A fadiga vocal é um tema atual e de relevância para pesquisas com indivíduos disfônicos ou populações de risco(3-5). Poucos estudos desenvolveram instrumentos específicos para a autoavaliação da fadiga vocal, nenhum desenvolvido ou validado para o português brasileiro, fazendo-se necessária a adaptação cultural e linguística como primeiro passo para a validação de tais instrumentos(8).
A adaptação cultural e linguística visa a adequação dos itens de um instrumento para sua aplicabilidade na população em questão, para que as possíveis diferenças socioculturais entre as culturas e os idiomas sejam resolvidas, não sendo uma mera tradução literal do instrumento original8, possibilitando seu uso pelos indivíduos dessa cultura alvo. Tal metodologia de adaptação cultural tem sido utilizada para a tradução e validação de outros instrumentos de áreas da Fonoaudiologia para o português brasileiro(9-15).

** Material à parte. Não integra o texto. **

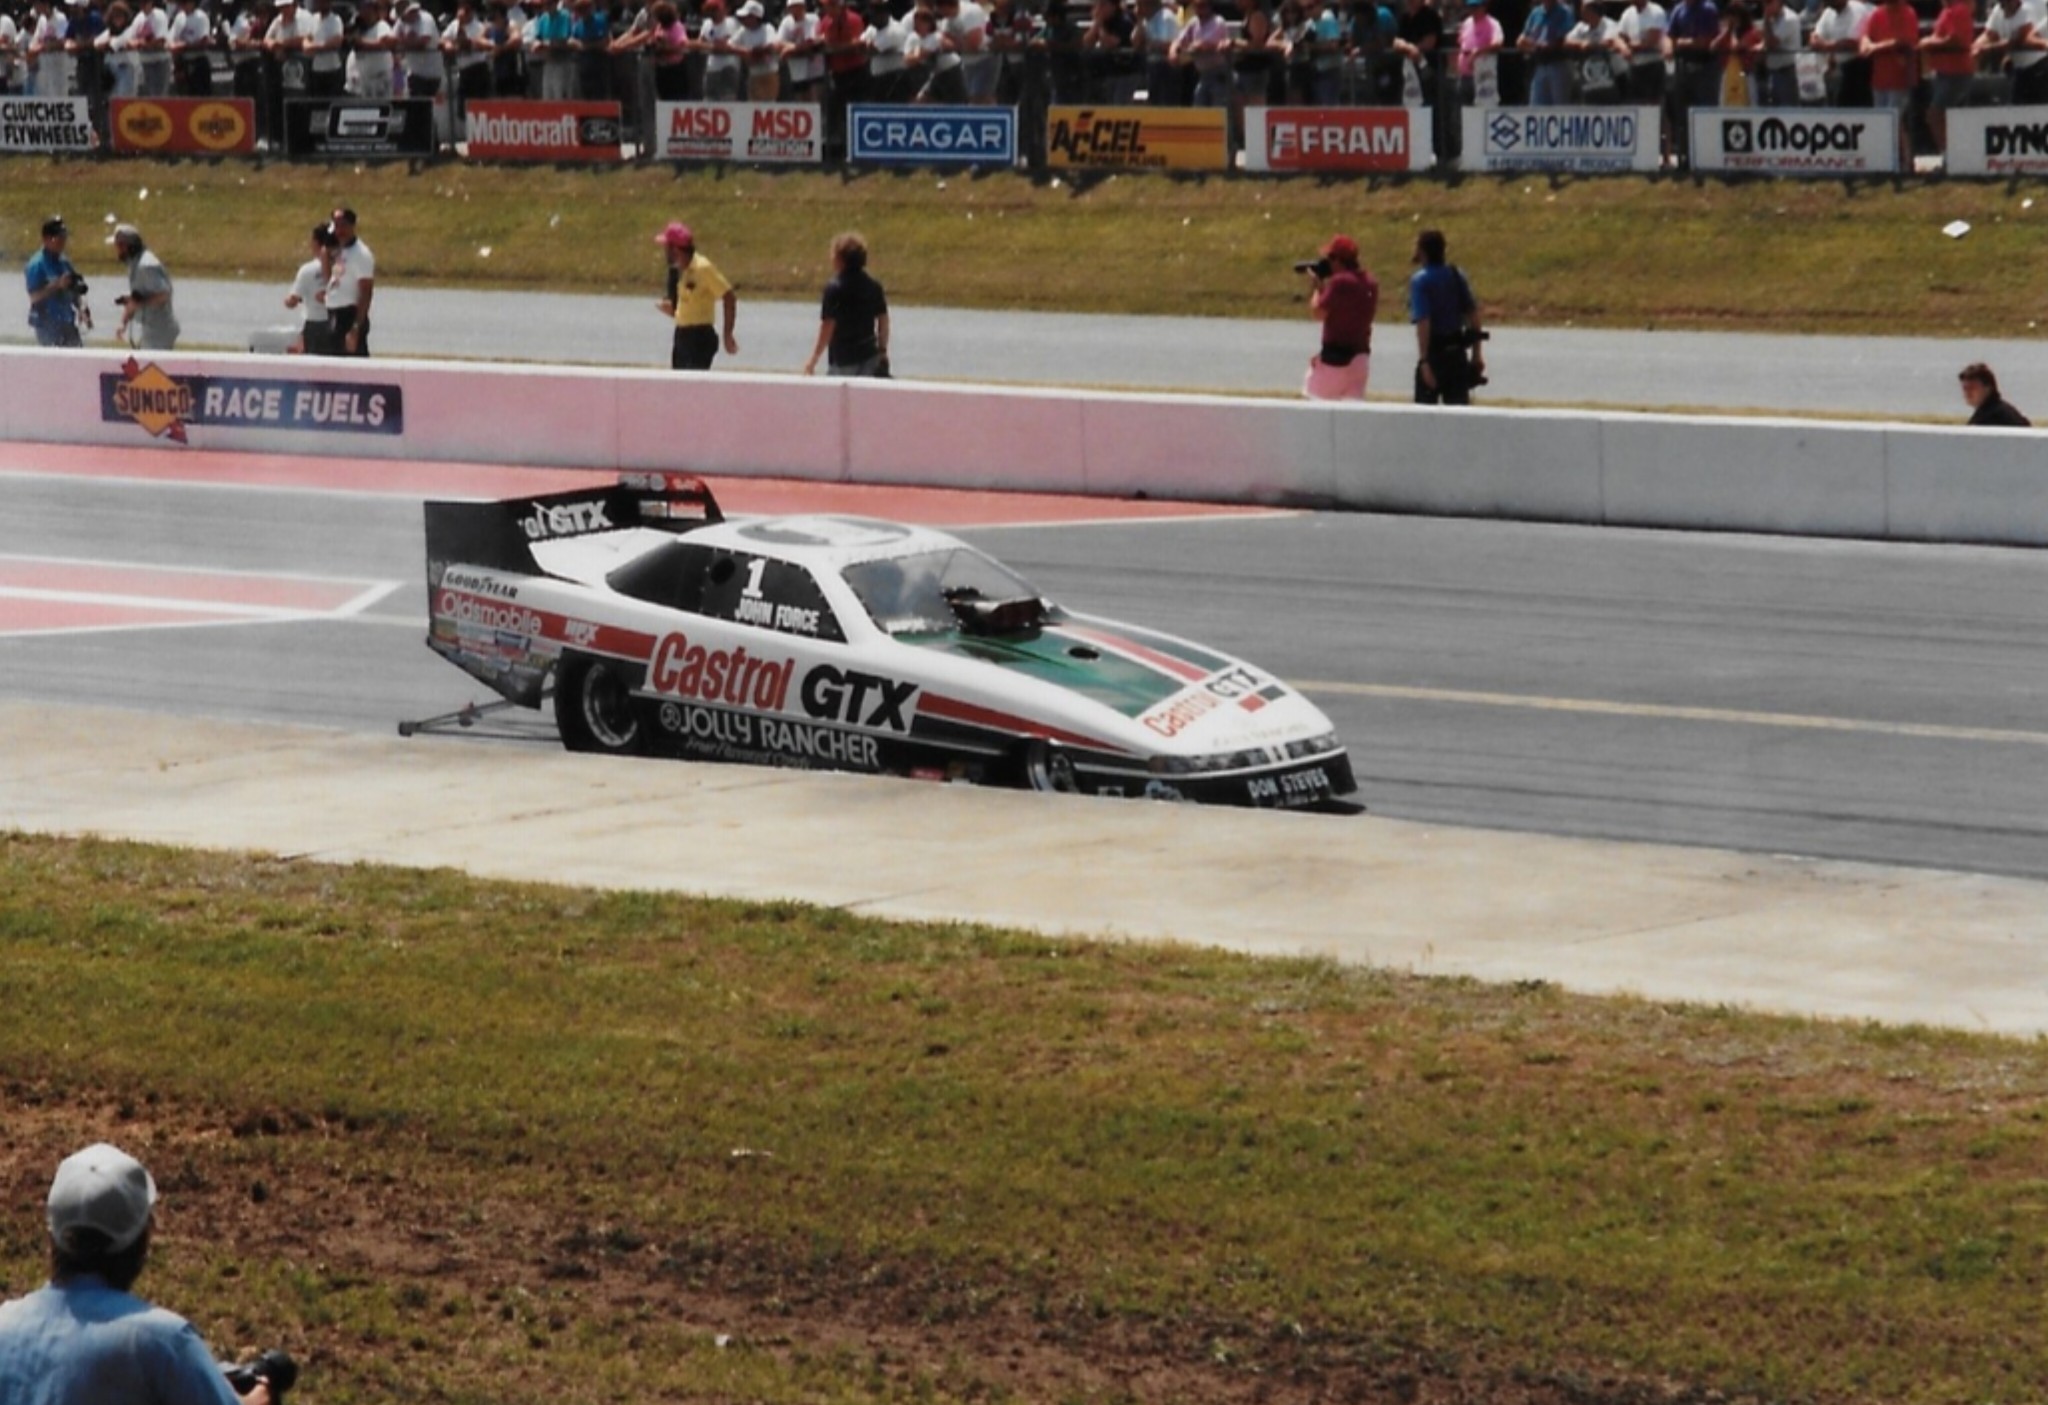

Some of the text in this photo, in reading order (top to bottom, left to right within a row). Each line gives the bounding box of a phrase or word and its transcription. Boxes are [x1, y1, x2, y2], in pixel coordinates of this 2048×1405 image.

Com a conclusão do processo de tradução e adaptação cultural e linguística para o português brasileiro, o processo de validação do IFV foi iniciado, objetivando-se demonstrar as propriedades psicométricas de validade, confiabilidade e sensibilidade da versão brasileira, a fim de possibilitar seu uso confiável em pesquisas e na prática clínica(8). Pesquisas futuras com o IFV poderão comparar aspectos da fadiga vocal de indivíduos disfônicos com outros instrumentos de autoavaliação ou, ainda, incluir características da fadiga vocal como item de avaliação multidimensional para grupos de risco.
A versão para o português brasileiro do instrumento, chamada Índice de Fadiga Vocal – IFV, apresenta equivalência cultural e linguística em relação ao original Vocal Fatigue Index – VFI. A validação do IFV para o português brasileiro está em andamento.